2State Academy of Theatre Arts, Saint-Petersburg, Russian Federation
According to recently proposed taxonomy of attention (Chun et al., 2011), is offered to allocate external attention and internal attention. According to literary data, alpha2 power is sensitive to attention orientation (Ray, Cole 1985, Cooper et al., 2003, Tumyalis et al., 2010, etc.). Much less attention is paid to changes in other EEG frequency ranges. In the present work an attempt to compare EEG power changes in different frequency ranges during tasks which involve externally - or internally – oriented attention has been made.
The group of volunteers (N=49) carried out tasks, connected with an internal orientation of attention: 1) a task to reproduce in mind and mentally to walk by a well-known road; 2) a task to imagine and mentally to walk on the fantastic road; 3) a task to visualize a blue background, blue screen before the mind’s eye. Eyes were opened in any of the tasks. Also volunteers carried out tasks, connected with an external orientation of attention: 1) viewing of photos; 2) viewing of the video movie. Default mode state of rest with eyes opened was used as a common referential state. EEG was recorded using 10-20 placement. EEG spectral power was calculated in EEG frequency bands from delta (1,5-4Hz) to low-gamma (30-40Hz).
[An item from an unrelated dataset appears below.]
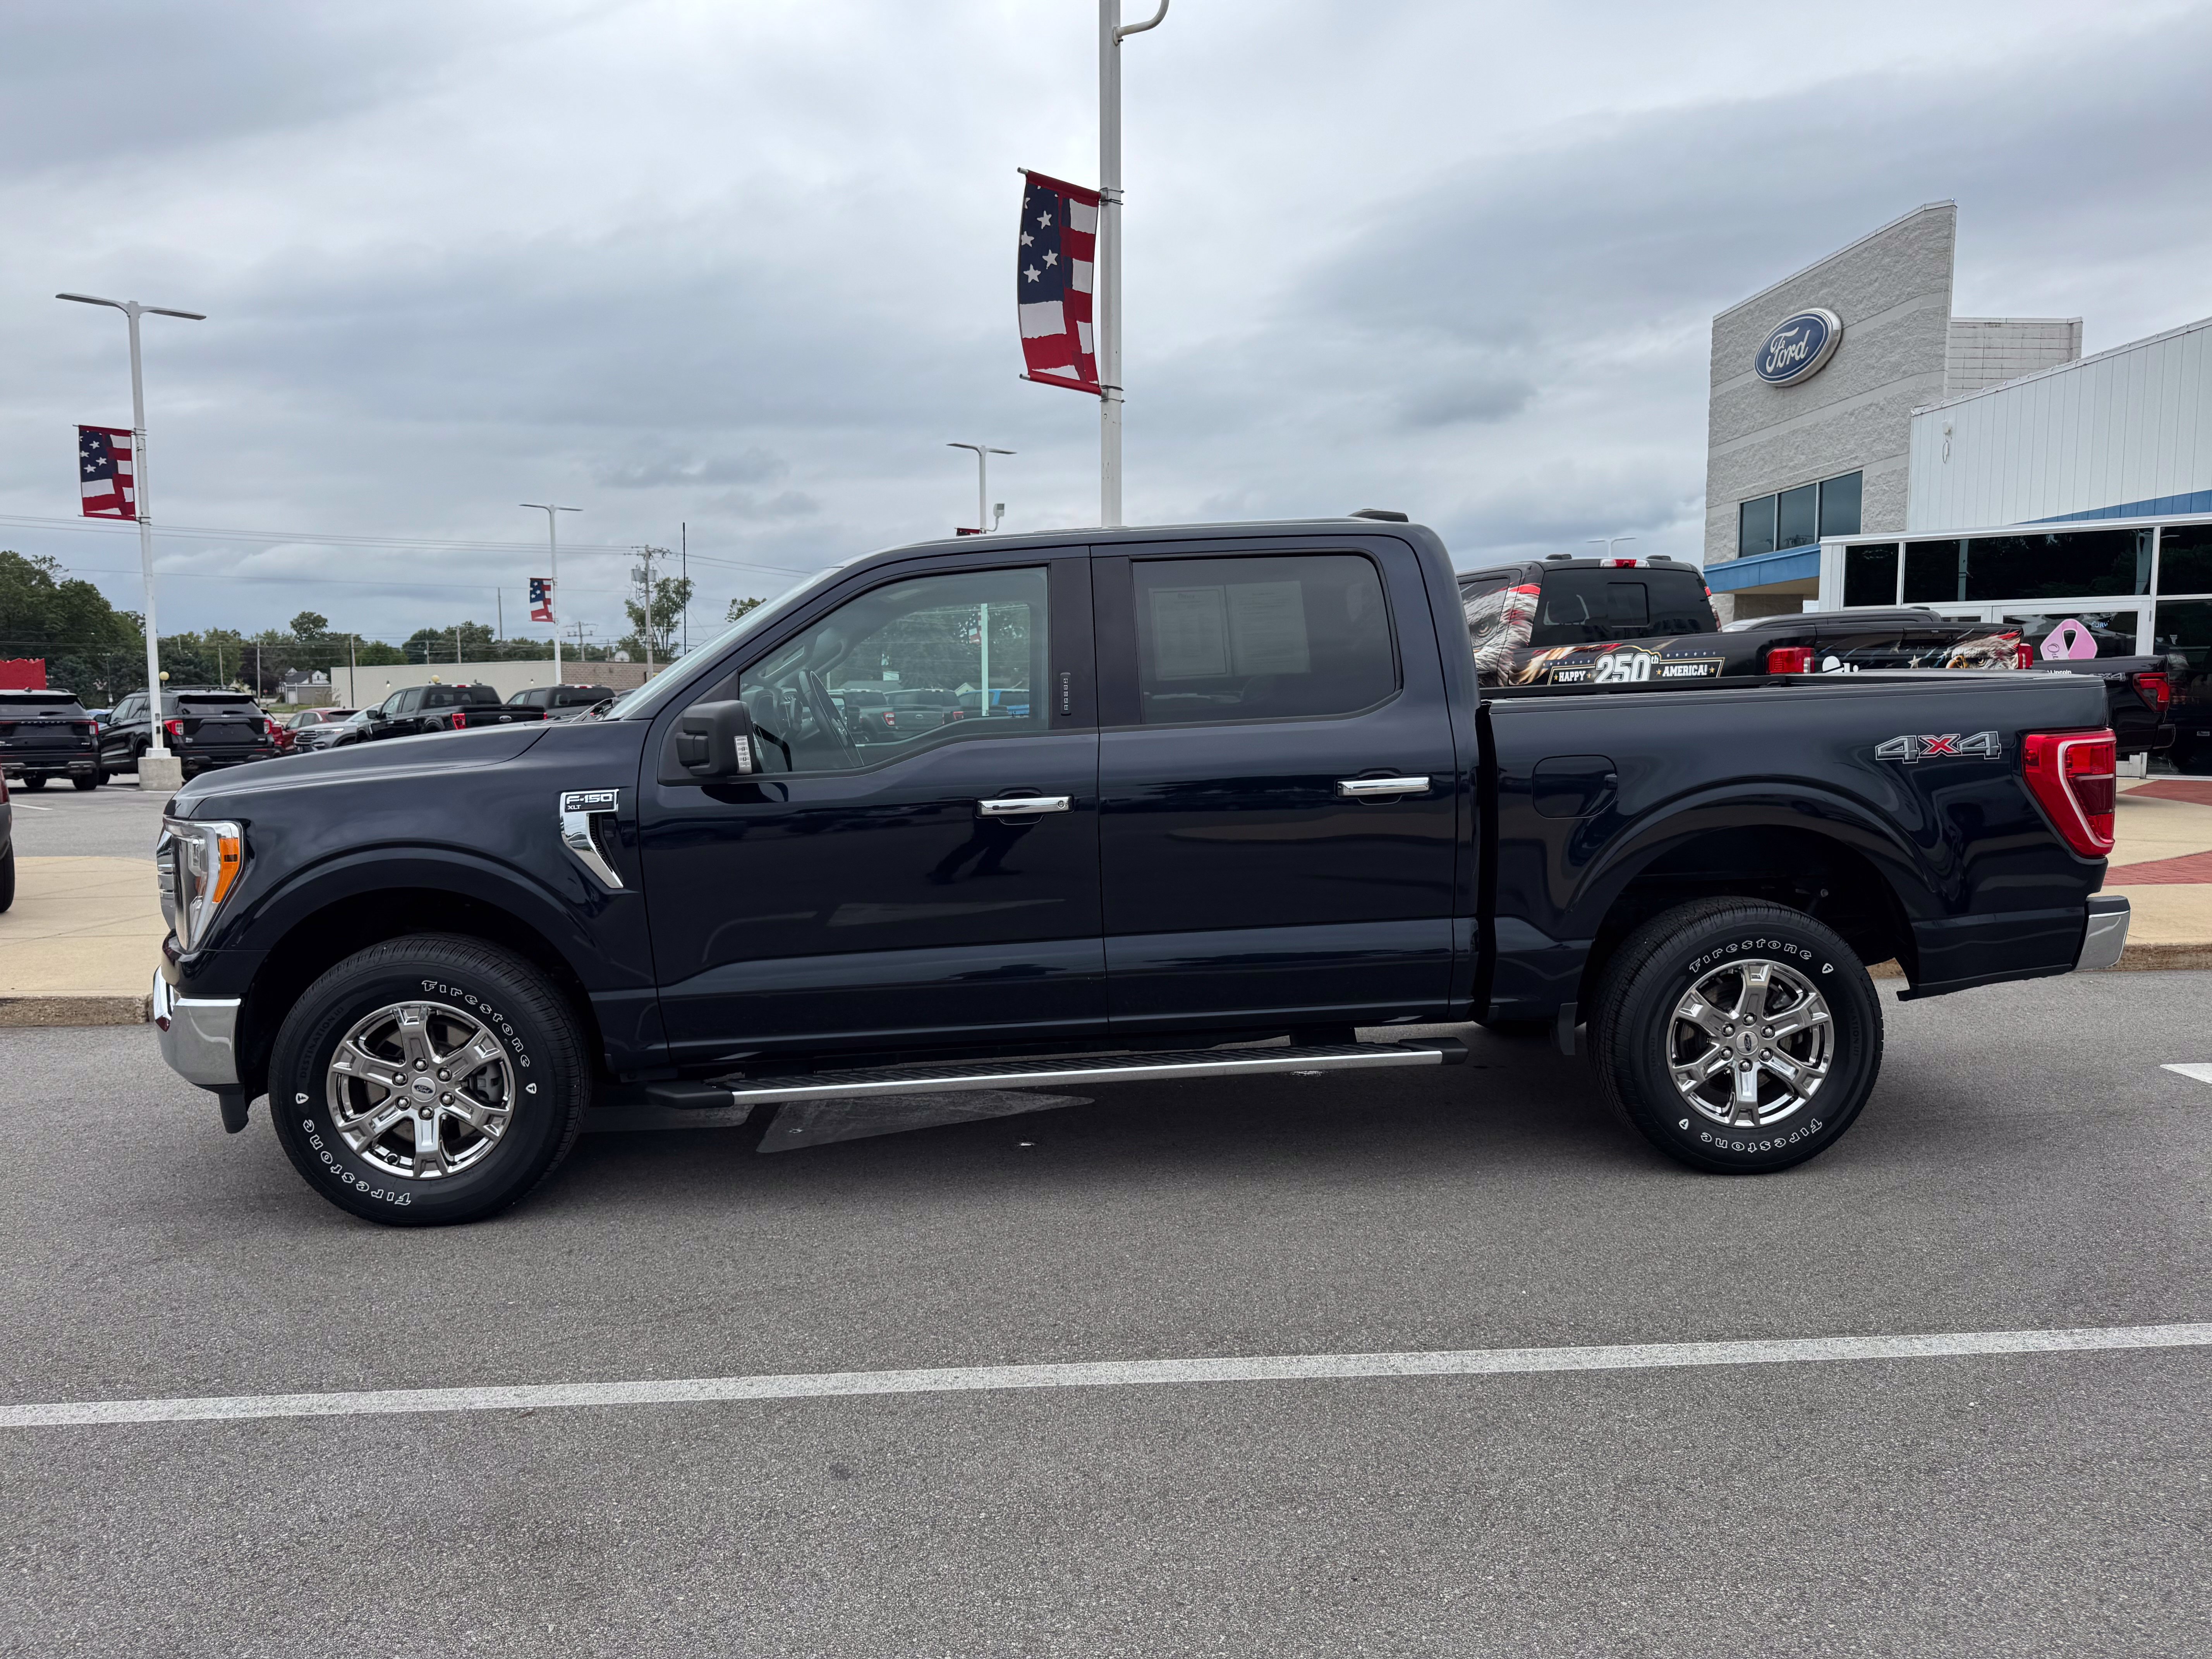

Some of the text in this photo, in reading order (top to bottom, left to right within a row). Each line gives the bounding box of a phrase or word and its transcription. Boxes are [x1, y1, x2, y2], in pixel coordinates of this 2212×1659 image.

In the results it was demonstrated that differences between tasks with externally- and internally–oriented attention were reflected in changes of EEG power in low-frequency ranges. So, tasks, connected with external attention orientation, were characterized by alpha2 power reduction in occipital zones and characterized by delta and theta power increases in the majority of cortex regions. Tasks with internal orientation of attention were characterized by increase of alpha2 power in occipital regions and power reduction in the delta and theta EEG ranges on the most regions of a cortex. Obtained changes of alpha power are in accordance with above mentioned literary data. Increase of EEG power in delta and theta ranges during viewing of photos and video can be considered as an indicator of orientation reaction to external stimuli (Basar et al., 1999, 2001, Sasaki et al., 1996). Generalized power reduction in the same ranges during reproduction, imagination or visualization tasks can be considered as a reflection of internally focused attention, as processes of integration of internal and external information (Tei et al., 2009; Cahn et al., 2010), because volunteers carried out internally oriented tasks with open eyes.